(Problem description): Set every line of the data down again exactly, and keep the pictures out.

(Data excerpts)
--- START ---

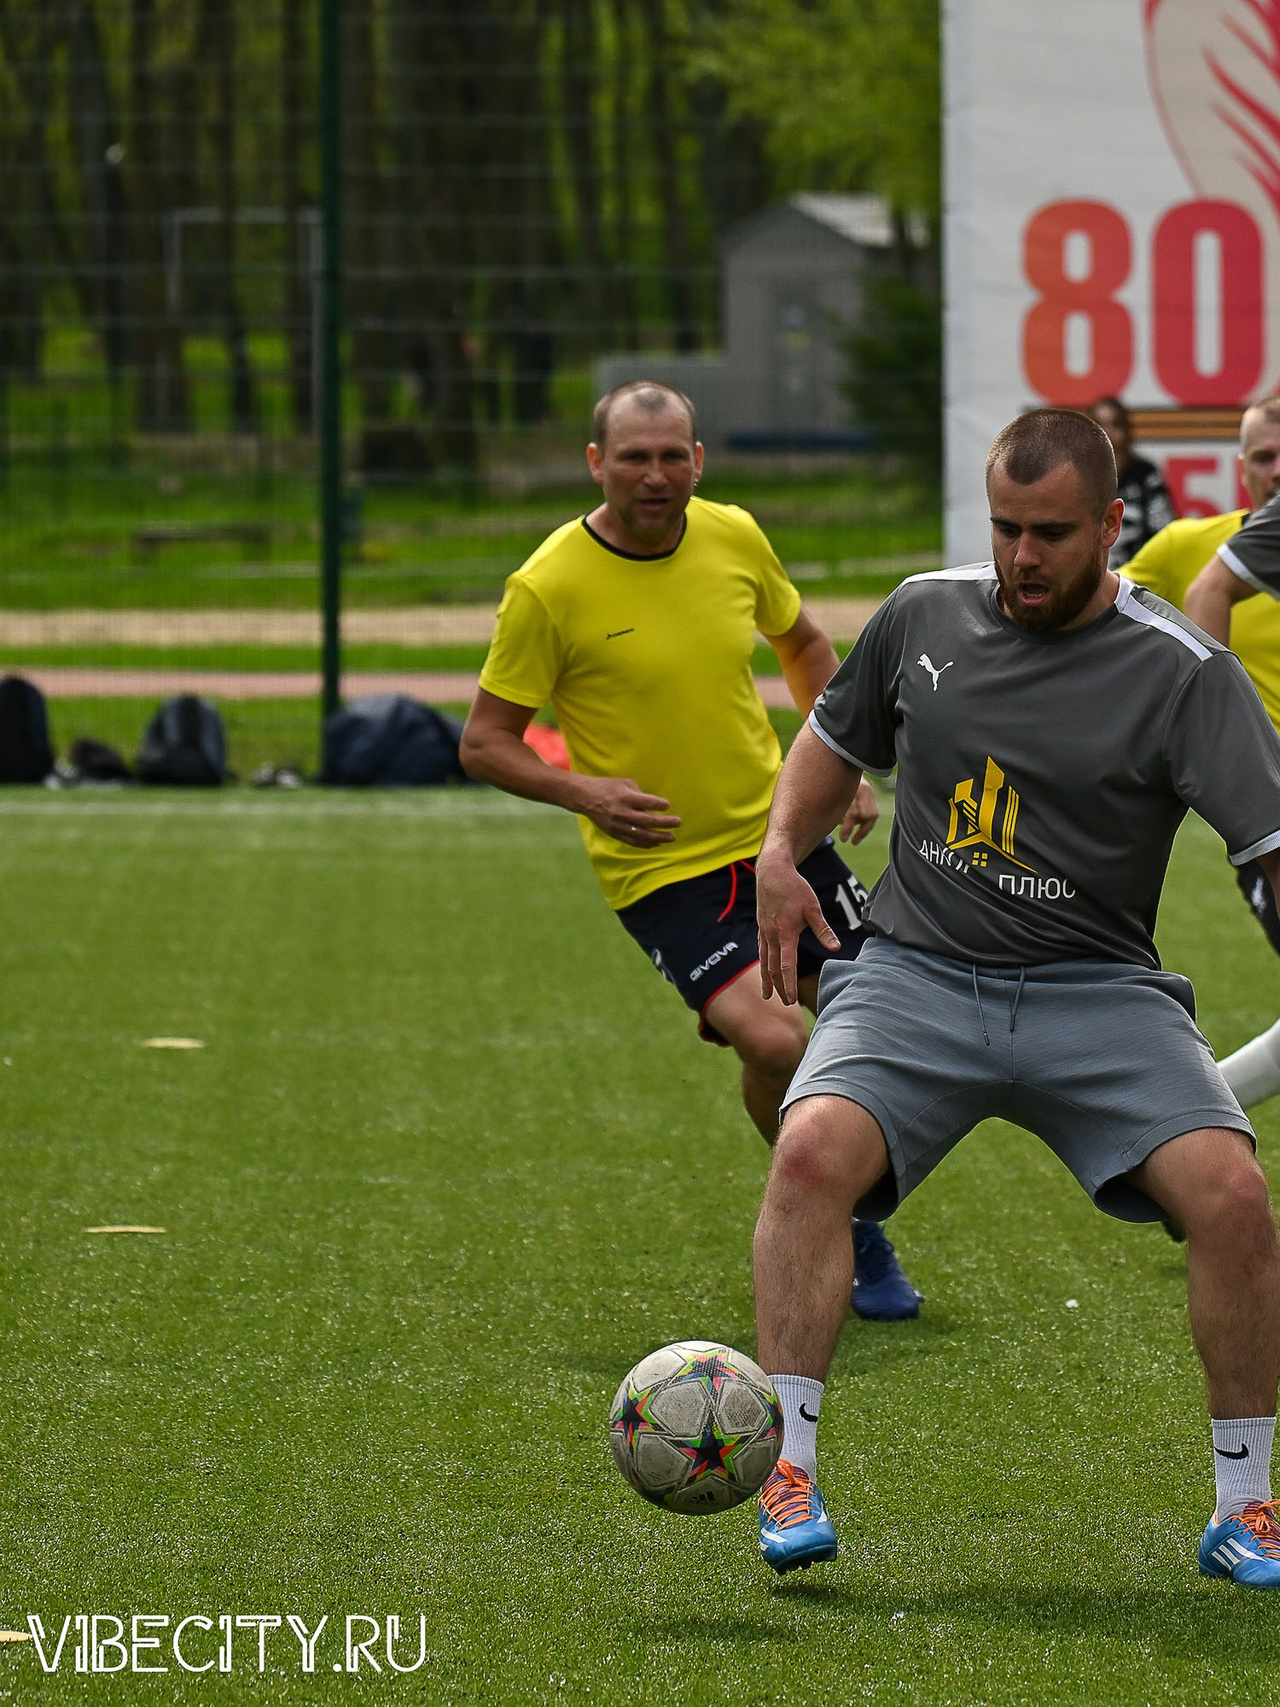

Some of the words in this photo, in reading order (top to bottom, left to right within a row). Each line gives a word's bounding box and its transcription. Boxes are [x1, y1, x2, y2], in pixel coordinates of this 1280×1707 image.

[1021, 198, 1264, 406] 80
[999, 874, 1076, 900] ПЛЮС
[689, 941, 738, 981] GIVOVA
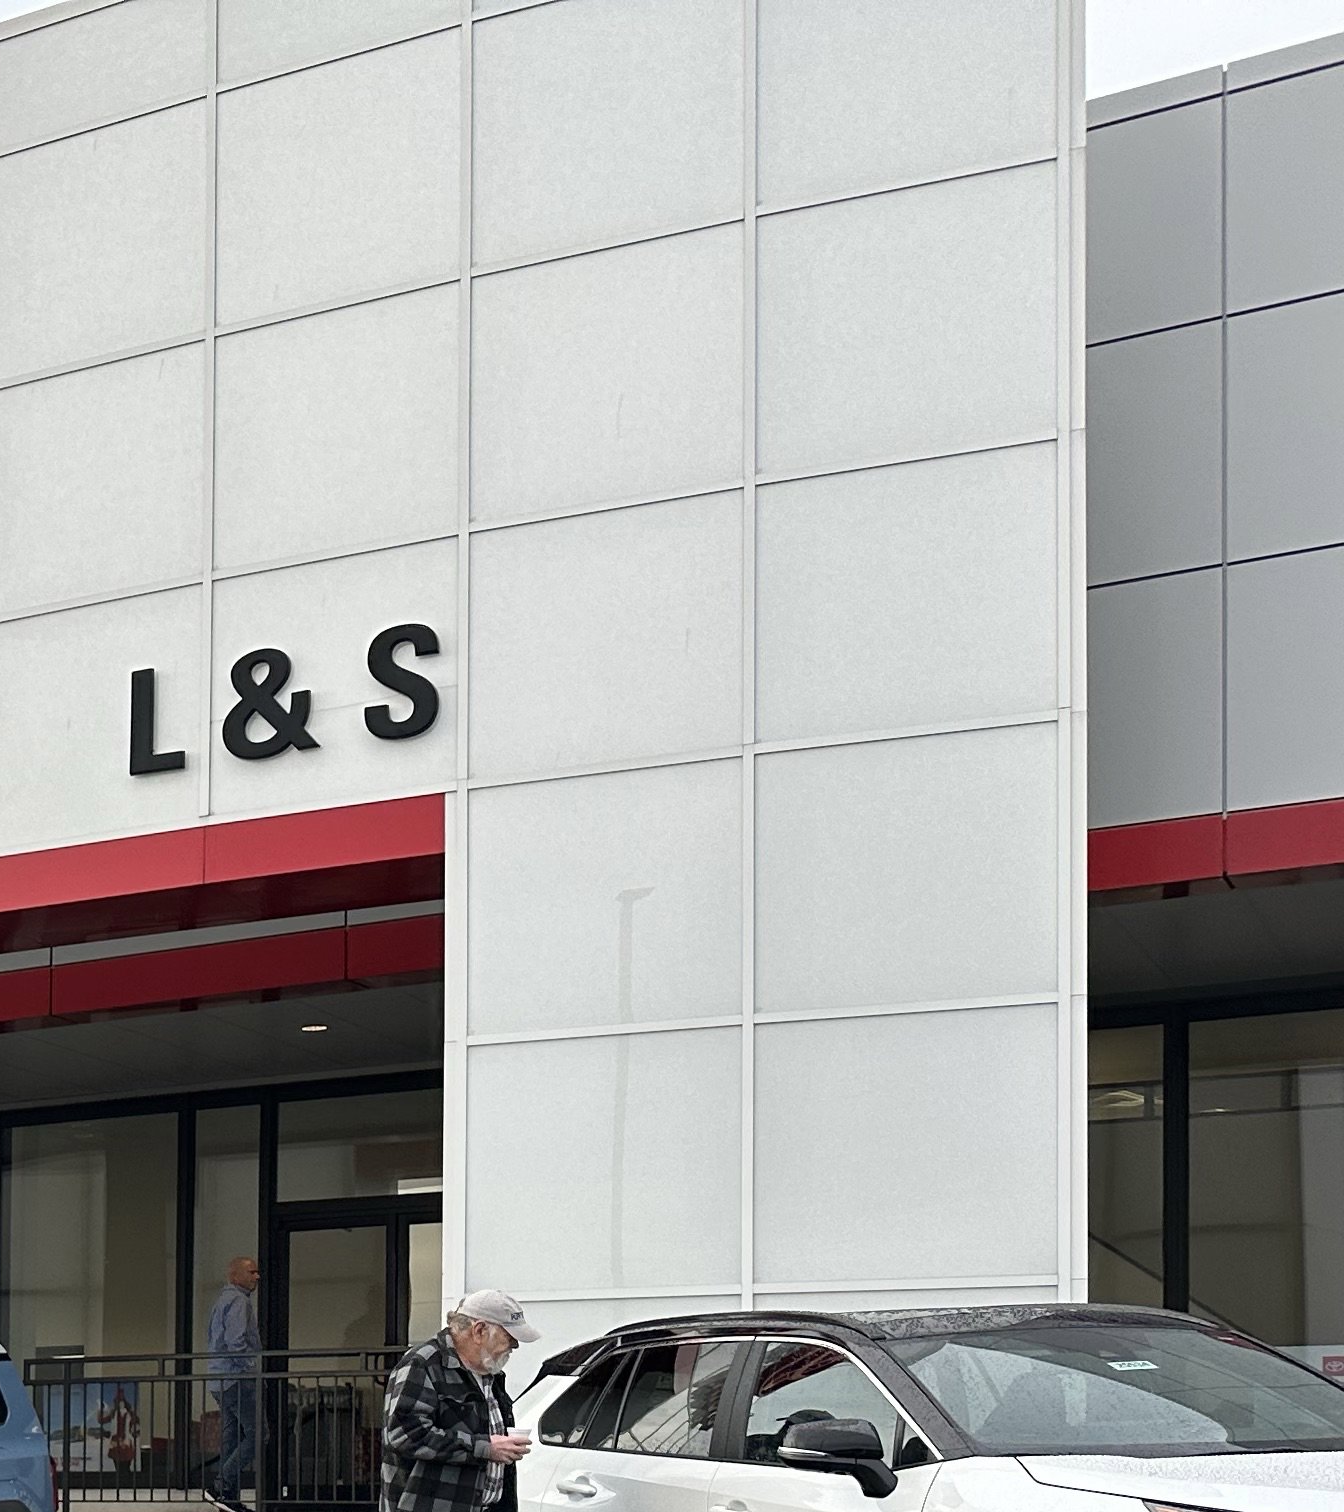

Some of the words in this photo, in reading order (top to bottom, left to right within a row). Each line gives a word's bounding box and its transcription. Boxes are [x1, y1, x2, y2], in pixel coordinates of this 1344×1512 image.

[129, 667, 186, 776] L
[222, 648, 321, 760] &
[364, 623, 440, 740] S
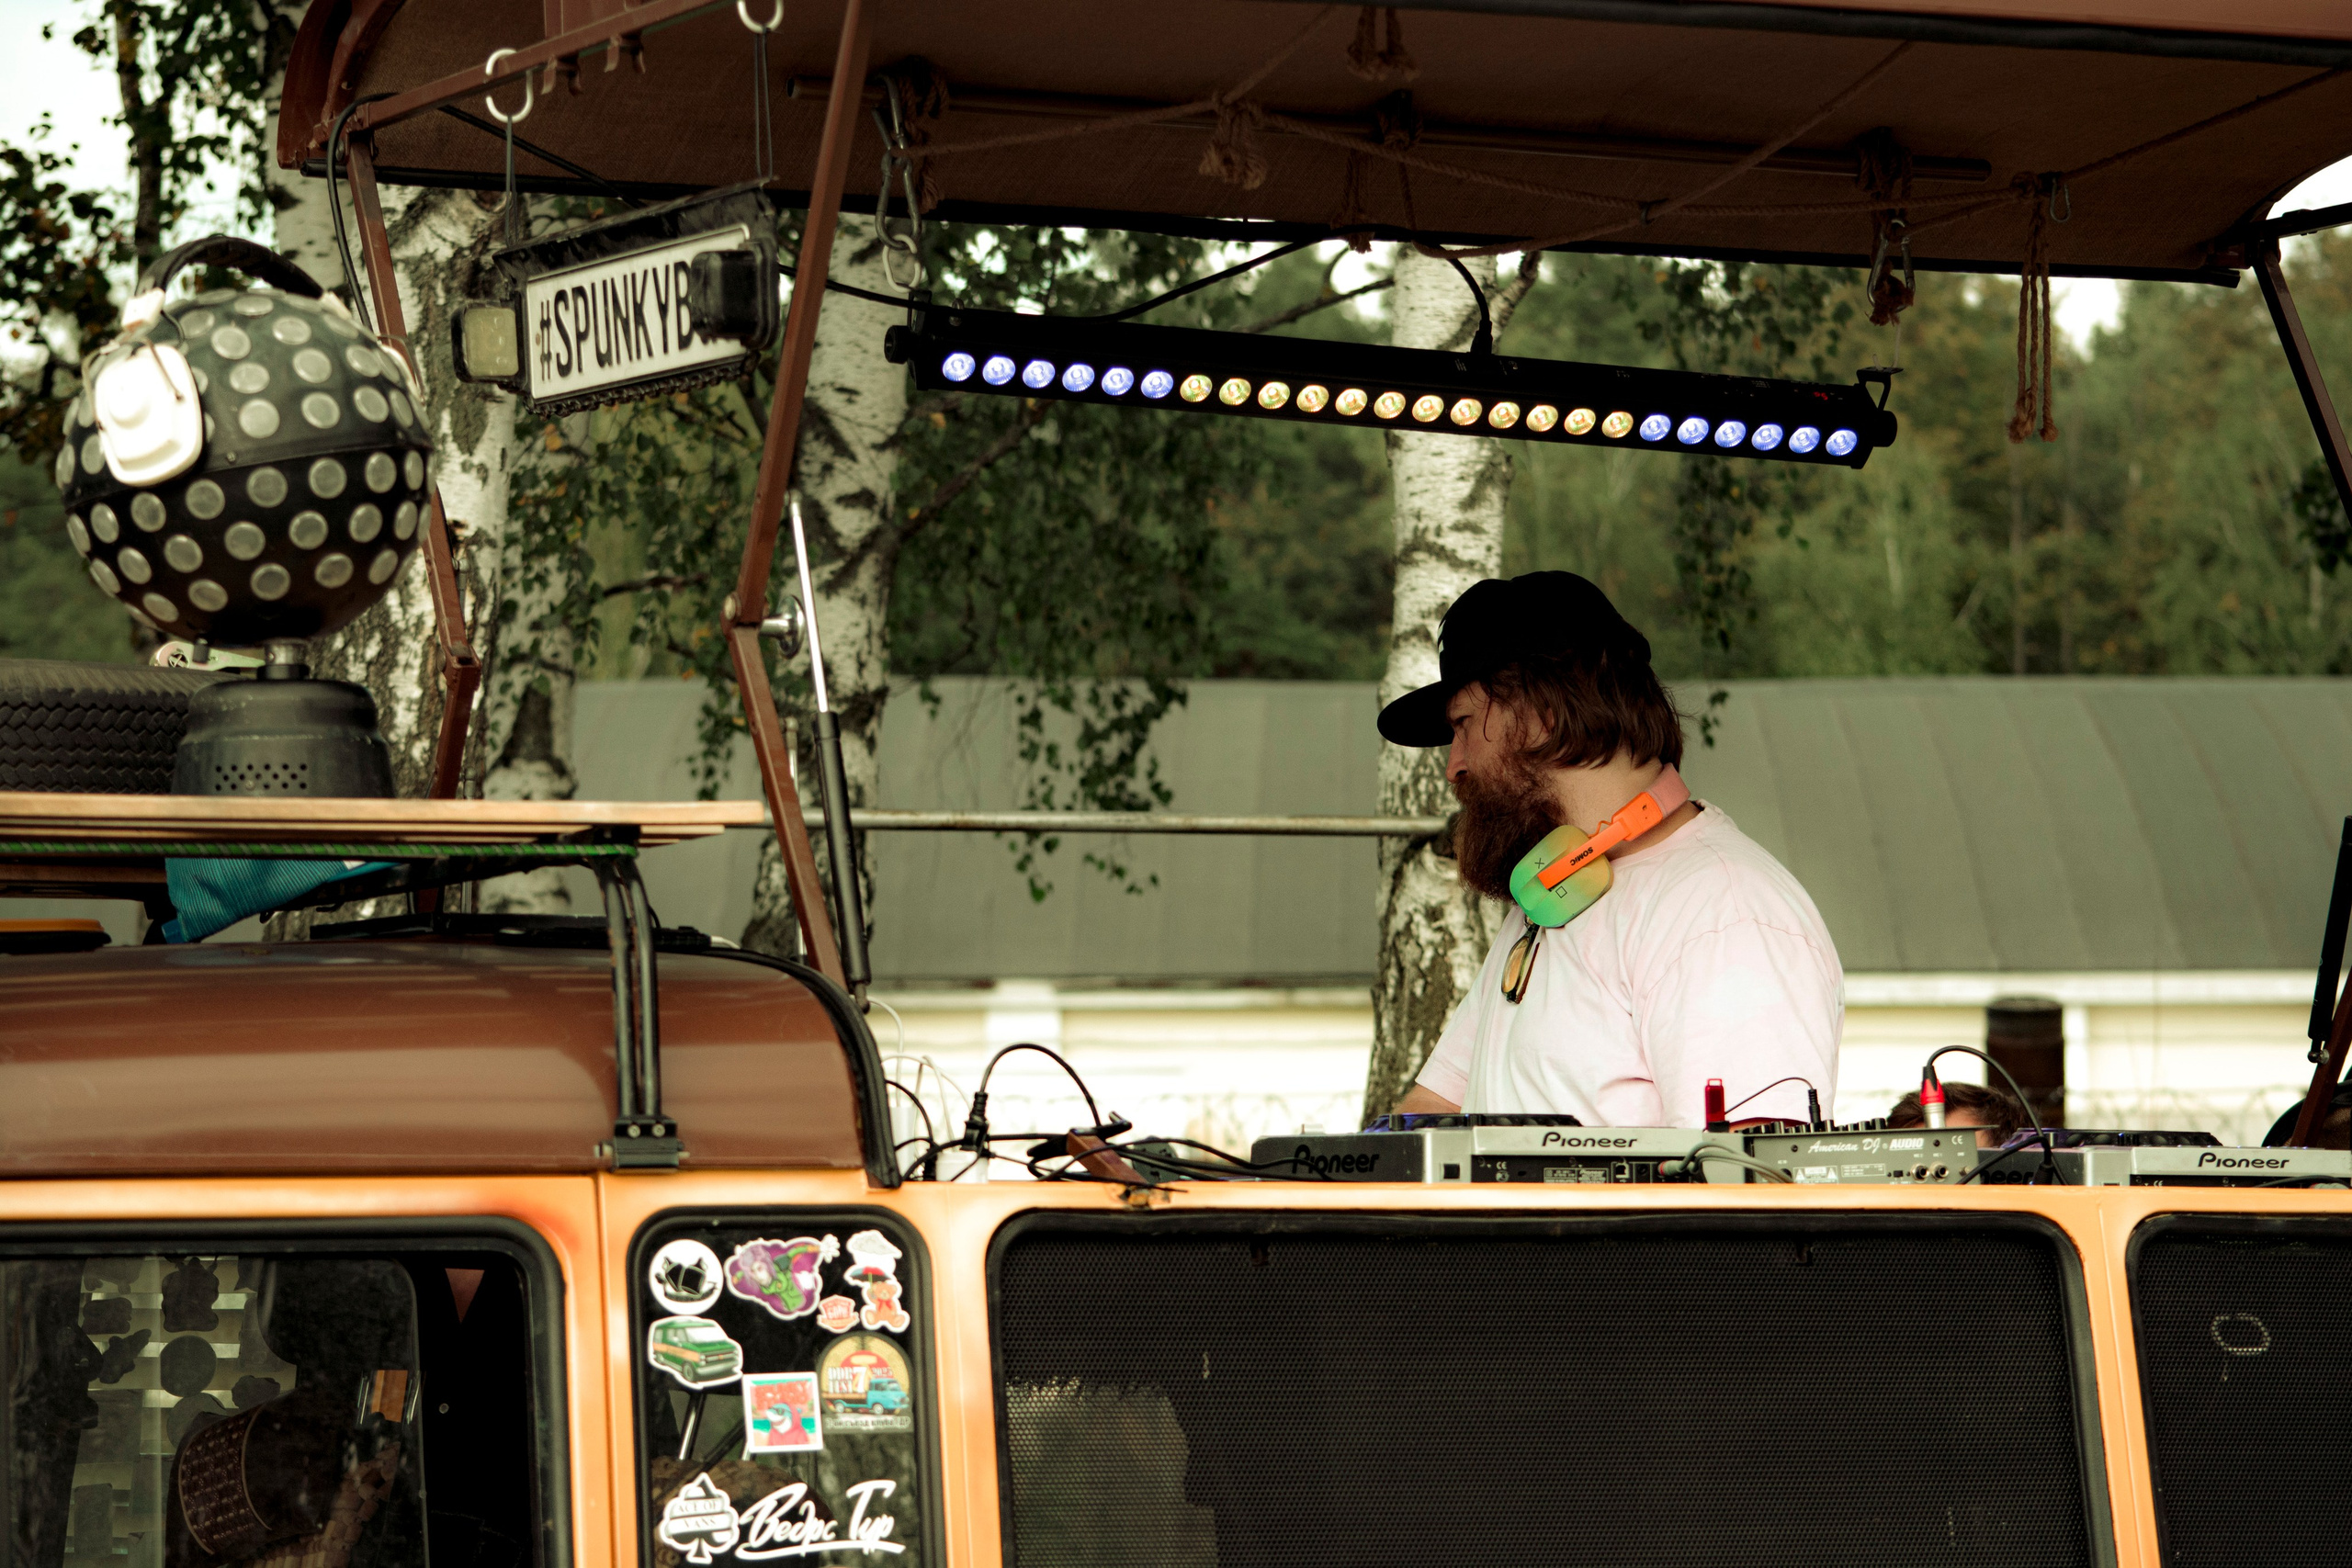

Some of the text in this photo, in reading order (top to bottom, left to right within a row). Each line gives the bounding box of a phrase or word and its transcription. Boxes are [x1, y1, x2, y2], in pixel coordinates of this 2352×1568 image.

--- END ---

(Task solution):
Some of the words in this photo, in reading order (top to bottom, left to right within a row). Each line gives a word's bounding box and its transcription. Boxes are [x1, y1, x2, y2], in pixel coordinates of this 1280×1707 image.

[1021, 198, 1264, 406] 80
[999, 874, 1076, 900] ПЛЮС
[689, 941, 738, 981] GIVOVA

Some of the words in this photo, in reading order (top to bottom, left to right within a row). Each line gives a word's bounding box and its transcription. Boxes are [x1, y1, x2, y2], in pixel coordinates of this 1344×1512 image.

[129, 667, 186, 776] L
[222, 648, 321, 760] &
[364, 623, 440, 740] S

Some of the text in this photo, in reading order (top to bottom, left to right within a row). Each line gives the bounding box of a phrase or word and its transcription. Boxes are [x1, y1, x2, y2], in pixel coordinates of this 2352×1568 image.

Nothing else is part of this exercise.